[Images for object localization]
↓

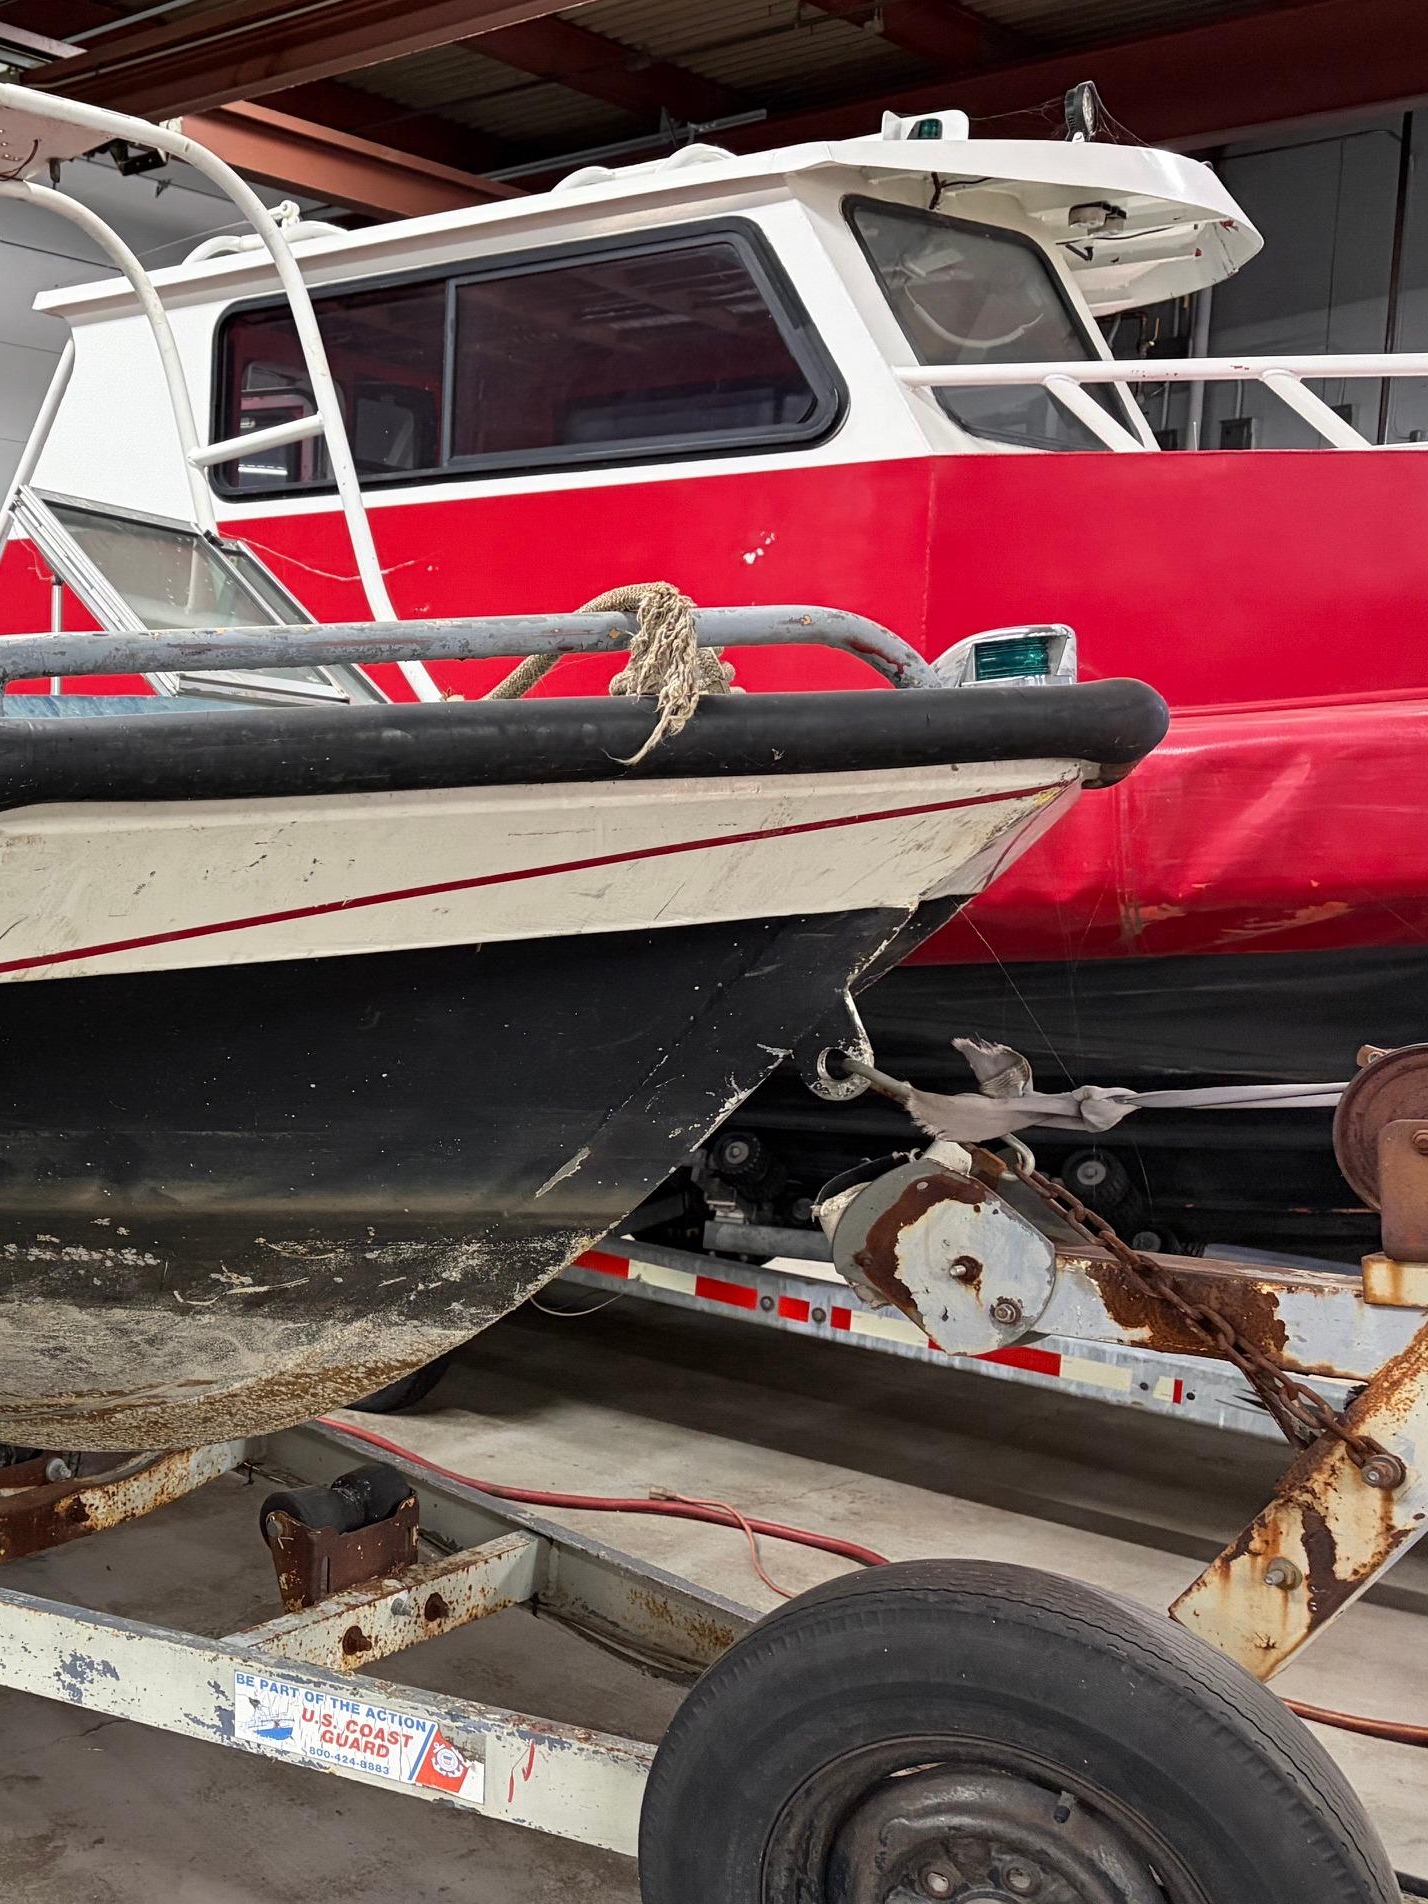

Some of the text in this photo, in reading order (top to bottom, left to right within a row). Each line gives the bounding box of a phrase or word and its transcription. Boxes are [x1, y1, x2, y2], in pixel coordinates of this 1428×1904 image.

[236, 1673, 426, 1732] BE PART OF THE ACTION
[302, 1707, 413, 1748] U.S. COAST
[321, 1729, 390, 1758] GUARD
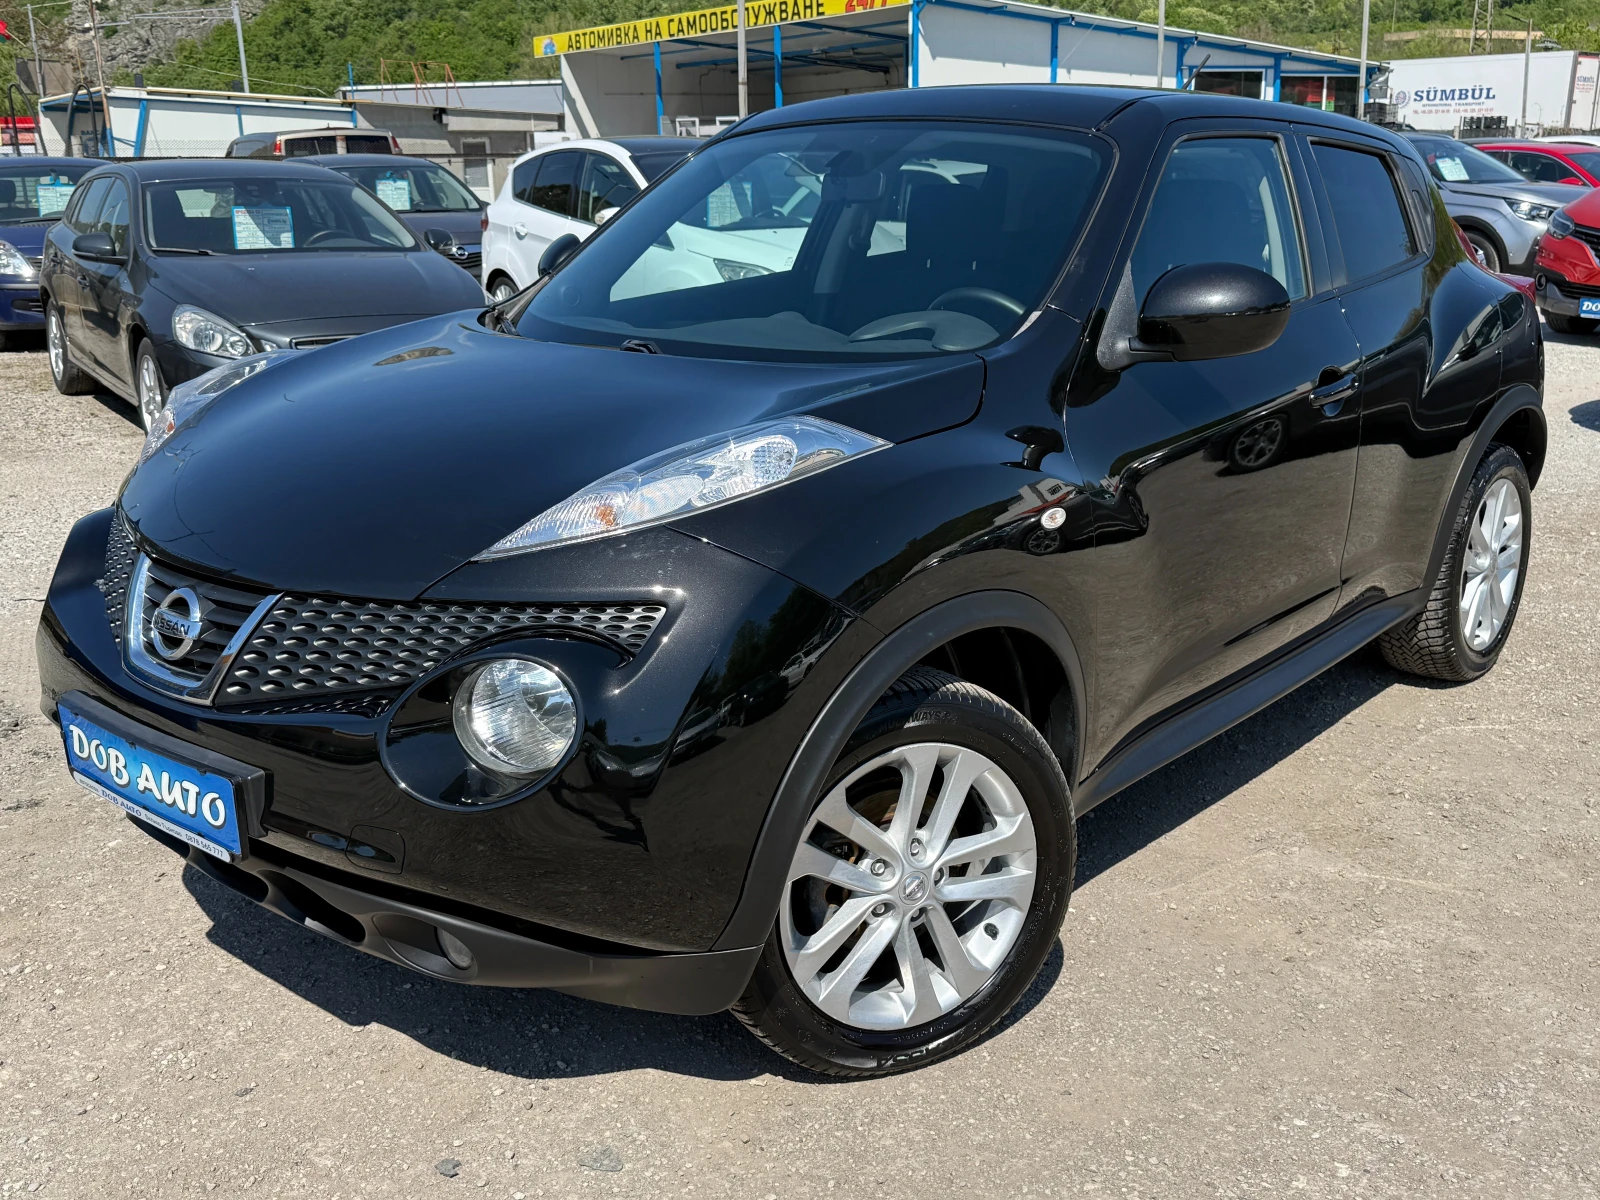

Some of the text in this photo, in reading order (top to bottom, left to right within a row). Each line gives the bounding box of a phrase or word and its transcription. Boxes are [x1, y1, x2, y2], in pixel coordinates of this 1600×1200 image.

↑

Reproduce every record exactly; images stay out.

■ **Solution for this exercise**:
Some of the text in this photo, in reading order (top to bottom, left to right within a row). Each line gives the bounding box of a phrase or word and its transcription. Boxes are [x1, y1, x2, y2], in pixel coordinates of this 1428×1904 image.

[236, 1673, 426, 1732] BE PART OF THE ACTION
[302, 1707, 413, 1748] U.S. COAST
[321, 1729, 390, 1758] GUARD

Some of the text in this photo, in reading order (top to bottom, left to right within a row). Each line gives the bounding box of a phrase or word and its transcription. Boxes are [x1, y1, x2, y2], in pixel coordinates of this 1600×1200 image.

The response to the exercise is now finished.